Since you're interested in the swift implementation, here's some details I didn't put in the GitHub repo. It's broken in exactly the same place as python, but very different way (see details below). Works if session token in already in your ENV though. I simply set up an alias to refresh the OP session token and use that when needed.

When the swift script calls OP and OP prompts for the master password, input is being echoed. I thought it just wasn't set properly to not echo but would still work (I never tried). I finally tried to send some random text expecting it to fail, when I discovered nothing is happening. Input echos into terminal, but it's seems to not be passed to OP. Basically it's just hung there, and have to control-c to kill it. I played with all the different possibilities with pipes to stdin when launching OP in swift (using Foundation Process() but could never get OP to respond to input on password prompt when launched via swift (either compiled or not).
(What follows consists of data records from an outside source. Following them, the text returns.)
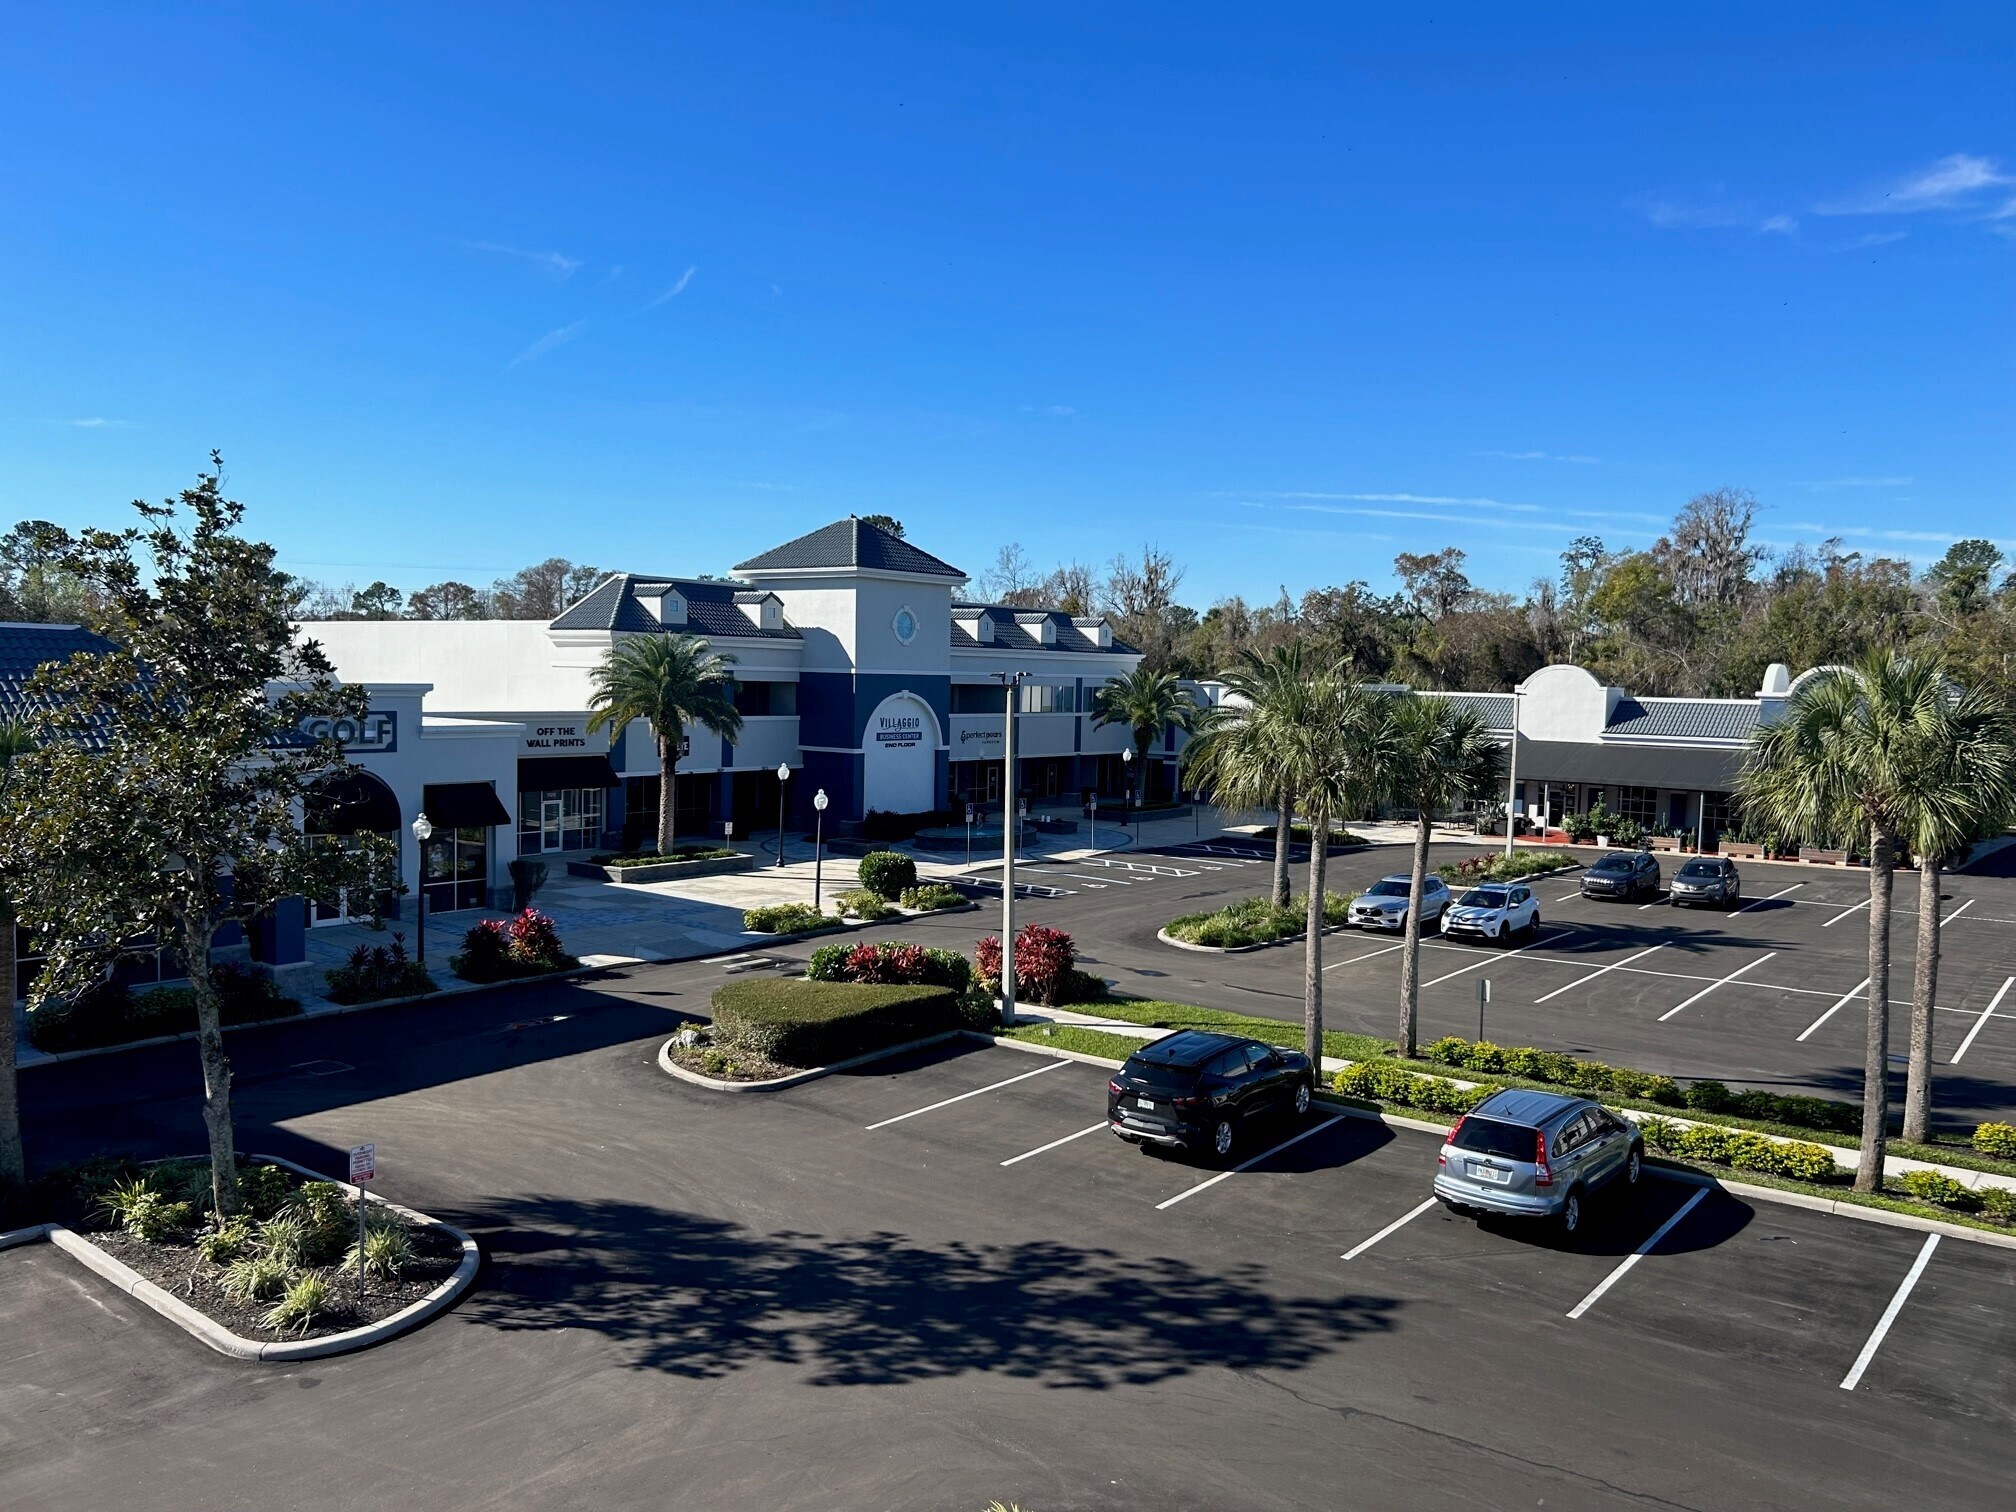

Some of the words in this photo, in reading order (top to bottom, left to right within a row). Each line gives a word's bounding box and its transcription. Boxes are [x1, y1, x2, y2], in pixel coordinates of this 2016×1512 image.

[880, 717, 920, 731] VILLAGGIO
[308, 720, 392, 744] GOLF
[557, 727, 576, 735] THE
[526, 740, 551, 748] WALL
[553, 739, 586, 747] PRINTS
One other side note. I ran into one really interesting problem when using swift. I kept getting weird errors trying to launch OP from the swift script after it had previously worked. Turns out I had always run it from the command line previously, and launching from inside Xcode or a playground triggered macOS Gatekeeper on OP. Launching OP from the command line or from python worked fine, but after Xcode had that problem, I couldn't even launch OP from the uncompiled swift script again. Launching OP through the finder via "Open..." or manually removing the quarantine extended attributes fixed the problem, but took me a while to track that down, errors weren't helpful. Not sure why I didn't add that to the readme, I'll fix that in the instructions.

@cohix I considered that. While I didn't try it, figured it might work. But it's nice if my script (or any script) never has to handle the MP, leaving it only to OP. I don't want the power!
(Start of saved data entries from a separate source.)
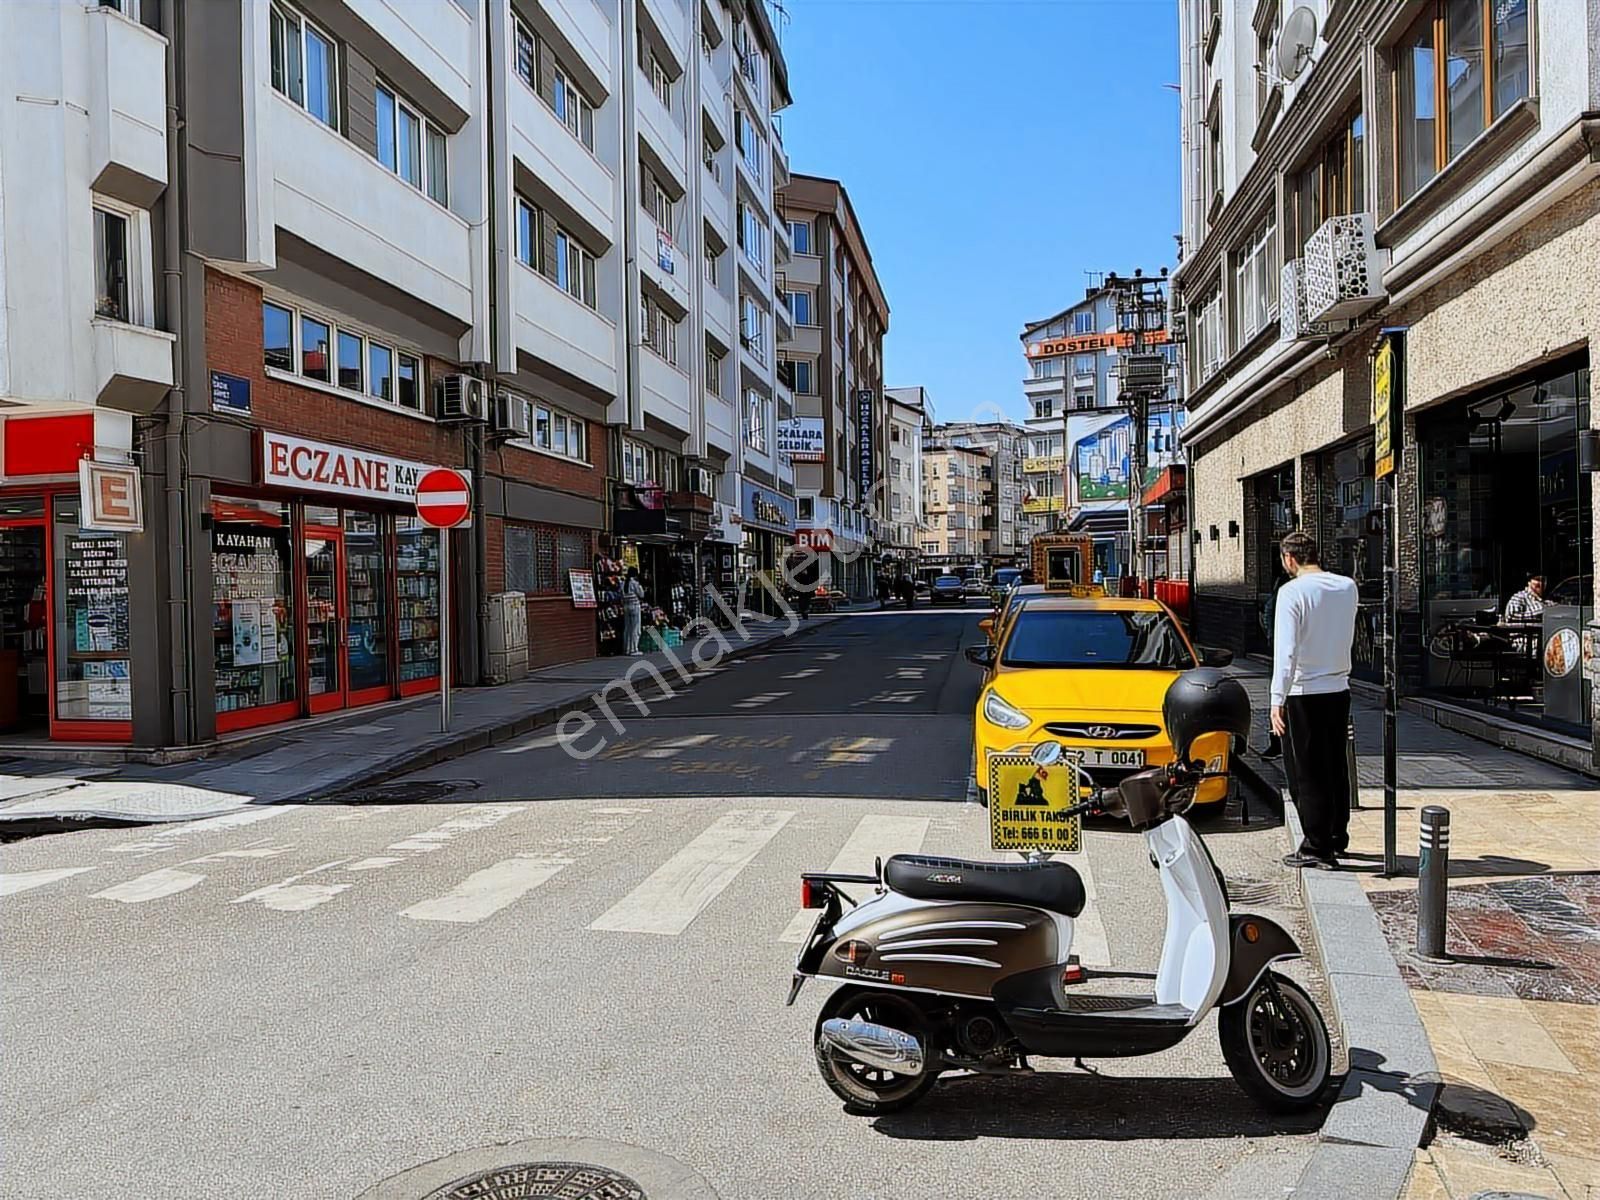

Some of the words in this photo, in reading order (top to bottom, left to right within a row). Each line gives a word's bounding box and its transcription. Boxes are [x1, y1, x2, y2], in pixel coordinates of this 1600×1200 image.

[269, 440, 390, 492] ECZANE
[100, 476, 130, 517] E
[216, 533, 271, 548] KAYAHAN
[799, 530, 830, 547] BİM
[1094, 751, 1104, 764] T
[1111, 751, 1142, 765] 0041
[1001, 807, 1037, 821] BİRLİK
[1002, 826, 1019, 840] Tel:
[1021, 827, 1039, 840] 666
[1042, 827, 1053, 840] 61
[1056, 828, 1069, 841] 00
It also raises the issue of then not being able to save the token for the next git command, as all those processes run in their own environment. That was one of the main reasons is why I didn't bother trying to echo the MP out via my script. It actually makes the UX worse having to type the MP every time without the ability to save the session token for reuse.
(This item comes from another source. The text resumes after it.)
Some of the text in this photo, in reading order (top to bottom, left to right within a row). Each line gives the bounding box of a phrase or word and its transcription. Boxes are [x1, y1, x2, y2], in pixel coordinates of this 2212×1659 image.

Storing the session token for use across multiple envs is not straightforward, but it's possible if you don't use ENV. My script (or any OP script) could write the current session token out to a file, say ~.op_session. Then any script could check there for a valid token and use it if needed. Would be best if OP checked for a token in the same place by default, and perhaps even included a flag to save it there automatically. This runs into potential security issues with access to that file, since an ENV var is by nature more transient than a file on disk. But really not other way to share something between envs whether they be forked executions or second terminal windows.

And as long as I'm dreaming, would also be helpful if there was an OP command to see if a token was valid without trying to use it in a query. Can Make the logic flow easier if you can do it that way, but that can be worked around.